*Work instructions:*
Every line of the data below is to be retyped exactly.

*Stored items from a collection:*
────────────────────────────────────────
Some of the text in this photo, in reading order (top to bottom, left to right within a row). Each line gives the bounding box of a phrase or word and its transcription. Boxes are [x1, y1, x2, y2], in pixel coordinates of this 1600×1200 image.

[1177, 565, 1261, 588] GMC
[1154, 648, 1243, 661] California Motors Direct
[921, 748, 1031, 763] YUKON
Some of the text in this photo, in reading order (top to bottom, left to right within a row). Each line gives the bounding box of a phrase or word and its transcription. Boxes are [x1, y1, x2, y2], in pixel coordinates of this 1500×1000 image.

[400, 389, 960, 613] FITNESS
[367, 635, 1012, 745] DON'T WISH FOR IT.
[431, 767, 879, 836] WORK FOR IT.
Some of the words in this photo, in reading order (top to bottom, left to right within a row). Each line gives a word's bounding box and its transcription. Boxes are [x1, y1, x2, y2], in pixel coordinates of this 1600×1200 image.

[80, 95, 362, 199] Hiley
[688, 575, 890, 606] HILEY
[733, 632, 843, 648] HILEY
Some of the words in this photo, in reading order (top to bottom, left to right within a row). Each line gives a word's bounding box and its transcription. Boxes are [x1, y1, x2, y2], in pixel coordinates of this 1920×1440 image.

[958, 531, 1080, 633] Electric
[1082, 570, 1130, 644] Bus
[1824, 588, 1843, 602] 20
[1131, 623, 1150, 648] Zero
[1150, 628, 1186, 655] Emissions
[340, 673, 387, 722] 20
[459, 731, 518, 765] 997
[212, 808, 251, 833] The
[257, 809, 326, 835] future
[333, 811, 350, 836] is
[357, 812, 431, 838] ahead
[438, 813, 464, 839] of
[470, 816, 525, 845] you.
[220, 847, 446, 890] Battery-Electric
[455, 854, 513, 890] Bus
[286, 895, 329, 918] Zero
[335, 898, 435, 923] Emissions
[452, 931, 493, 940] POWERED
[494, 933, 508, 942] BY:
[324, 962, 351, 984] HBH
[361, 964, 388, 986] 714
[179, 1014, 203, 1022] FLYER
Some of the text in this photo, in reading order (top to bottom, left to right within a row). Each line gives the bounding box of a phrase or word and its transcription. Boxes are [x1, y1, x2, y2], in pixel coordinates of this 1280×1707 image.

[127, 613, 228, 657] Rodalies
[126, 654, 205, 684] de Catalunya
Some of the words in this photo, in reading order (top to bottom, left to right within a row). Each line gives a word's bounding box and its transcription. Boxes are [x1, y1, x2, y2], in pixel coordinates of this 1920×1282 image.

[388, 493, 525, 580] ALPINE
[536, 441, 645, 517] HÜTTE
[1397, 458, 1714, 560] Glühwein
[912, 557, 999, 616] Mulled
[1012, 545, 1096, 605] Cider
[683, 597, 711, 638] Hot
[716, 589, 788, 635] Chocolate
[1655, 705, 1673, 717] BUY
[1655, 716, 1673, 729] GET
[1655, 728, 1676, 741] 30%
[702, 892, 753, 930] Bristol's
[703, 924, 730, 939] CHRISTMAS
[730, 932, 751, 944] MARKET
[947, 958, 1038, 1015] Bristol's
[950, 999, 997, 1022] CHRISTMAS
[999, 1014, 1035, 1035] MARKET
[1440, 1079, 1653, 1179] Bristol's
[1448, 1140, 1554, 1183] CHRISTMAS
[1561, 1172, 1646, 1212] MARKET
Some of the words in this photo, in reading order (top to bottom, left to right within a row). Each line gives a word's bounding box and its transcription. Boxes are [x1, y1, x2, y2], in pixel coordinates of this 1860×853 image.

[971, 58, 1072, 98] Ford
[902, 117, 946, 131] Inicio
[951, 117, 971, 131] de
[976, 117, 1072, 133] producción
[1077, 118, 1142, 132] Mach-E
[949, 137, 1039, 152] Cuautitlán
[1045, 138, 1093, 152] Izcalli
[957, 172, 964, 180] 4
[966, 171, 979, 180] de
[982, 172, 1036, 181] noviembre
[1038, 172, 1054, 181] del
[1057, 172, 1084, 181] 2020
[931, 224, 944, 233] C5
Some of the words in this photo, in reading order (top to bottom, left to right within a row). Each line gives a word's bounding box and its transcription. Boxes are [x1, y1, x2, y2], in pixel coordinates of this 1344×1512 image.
────────────────────────────────────────
*Task solution:*
Some of the text in this photo, in reading order (top to bottom, left to right within a row). Each line gives the bounding box of a phrase or word and its transcription. Boxes are [x1, y1, x2, y2], in pixel coordinates of this 1600×1200 image.

[1177, 565, 1261, 588] GMC
[1154, 648, 1243, 661] California Motors Direct
[921, 748, 1031, 763] YUKON
Some of the text in this photo, in reading order (top to bottom, left to right within a row). Each line gives the bounding box of a phrase or word and its transcription. Boxes are [x1, y1, x2, y2], in pixel coordinates of this 1500×1000 image.

[400, 389, 960, 613] FITNESS
[367, 635, 1012, 745] DON'T WISH FOR IT.
[431, 767, 879, 836] WORK FOR IT.
Some of the words in this photo, in reading order (top to bottom, left to right within a row). Each line gives a word's bounding box and its transcription. Boxes are [x1, y1, x2, y2], in pixel coordinates of this 1600×1200 image.

[80, 95, 362, 199] Hiley
[688, 575, 890, 606] HILEY
[733, 632, 843, 648] HILEY
Some of the words in this photo, in reading order (top to bottom, left to right within a row). Each line gives a word's bounding box and its transcription. Boxes are [x1, y1, x2, y2], in pixel coordinates of this 1920×1440 image.

[958, 531, 1080, 633] Electric
[1082, 570, 1130, 644] Bus
[1824, 588, 1843, 602] 20
[1131, 623, 1150, 648] Zero
[1150, 628, 1186, 655] Emissions
[340, 673, 387, 722] 20
[459, 731, 518, 765] 997
[212, 808, 251, 833] The
[257, 809, 326, 835] future
[333, 811, 350, 836] is
[357, 812, 431, 838] ahead
[438, 813, 464, 839] of
[470, 816, 525, 845] you.
[220, 847, 446, 890] Battery-Electric
[455, 854, 513, 890] Bus
[286, 895, 329, 918] Zero
[335, 898, 435, 923] Emissions
[452, 931, 493, 940] POWERED
[494, 933, 508, 942] BY:
[324, 962, 351, 984] HBH
[361, 964, 388, 986] 714
[179, 1014, 203, 1022] FLYER
Some of the text in this photo, in reading order (top to bottom, left to right within a row). Each line gives the bounding box of a phrase or word and its transcription. Boxes are [x1, y1, x2, y2], in pixel coordinates of this 1280×1707 image.

[127, 613, 228, 657] Rodalies
[126, 654, 205, 684] de Catalunya
Some of the words in this photo, in reading order (top to bottom, left to right within a row). Each line gives a word's bounding box and its transcription. Boxes are [x1, y1, x2, y2], in pixel coordinates of this 1920×1282 image.

[388, 493, 525, 580] ALPINE
[536, 441, 645, 517] HÜTTE
[1397, 458, 1714, 560] Glühwein
[912, 557, 999, 616] Mulled
[1012, 545, 1096, 605] Cider
[683, 597, 711, 638] Hot
[716, 589, 788, 635] Chocolate
[1655, 705, 1673, 717] BUY
[1655, 716, 1673, 729] GET
[1655, 728, 1676, 741] 30%
[702, 892, 753, 930] Bristol's
[703, 924, 730, 939] CHRISTMAS
[730, 932, 751, 944] MARKET
[947, 958, 1038, 1015] Bristol's
[950, 999, 997, 1022] CHRISTMAS
[999, 1014, 1035, 1035] MARKET
[1440, 1079, 1653, 1179] Bristol's
[1448, 1140, 1554, 1183] CHRISTMAS
[1561, 1172, 1646, 1212] MARKET
Some of the words in this photo, in reading order (top to bottom, left to right within a row). Each line gives a word's bounding box and its transcription. Boxes are [x1, y1, x2, y2], in pixel coordinates of this 1860×853 image.

[971, 58, 1072, 98] Ford
[902, 117, 946, 131] Inicio
[951, 117, 971, 131] de
[976, 117, 1072, 133] producción
[1077, 118, 1142, 132] Mach-E
[949, 137, 1039, 152] Cuautitlán
[1045, 138, 1093, 152] Izcalli
[957, 172, 964, 180] 4
[966, 171, 979, 180] de
[982, 172, 1036, 181] noviembre
[1038, 172, 1054, 181] del
[1057, 172, 1084, 181] 2020
[931, 224, 944, 233] C5
Some of the words in this photo, in reading order (top to bottom, left to right within a row). Each line gives a word's bounding box and its transcription. Boxes are [x1, y1, x2, y2], in pixel coordinates of this 1344×1512 image.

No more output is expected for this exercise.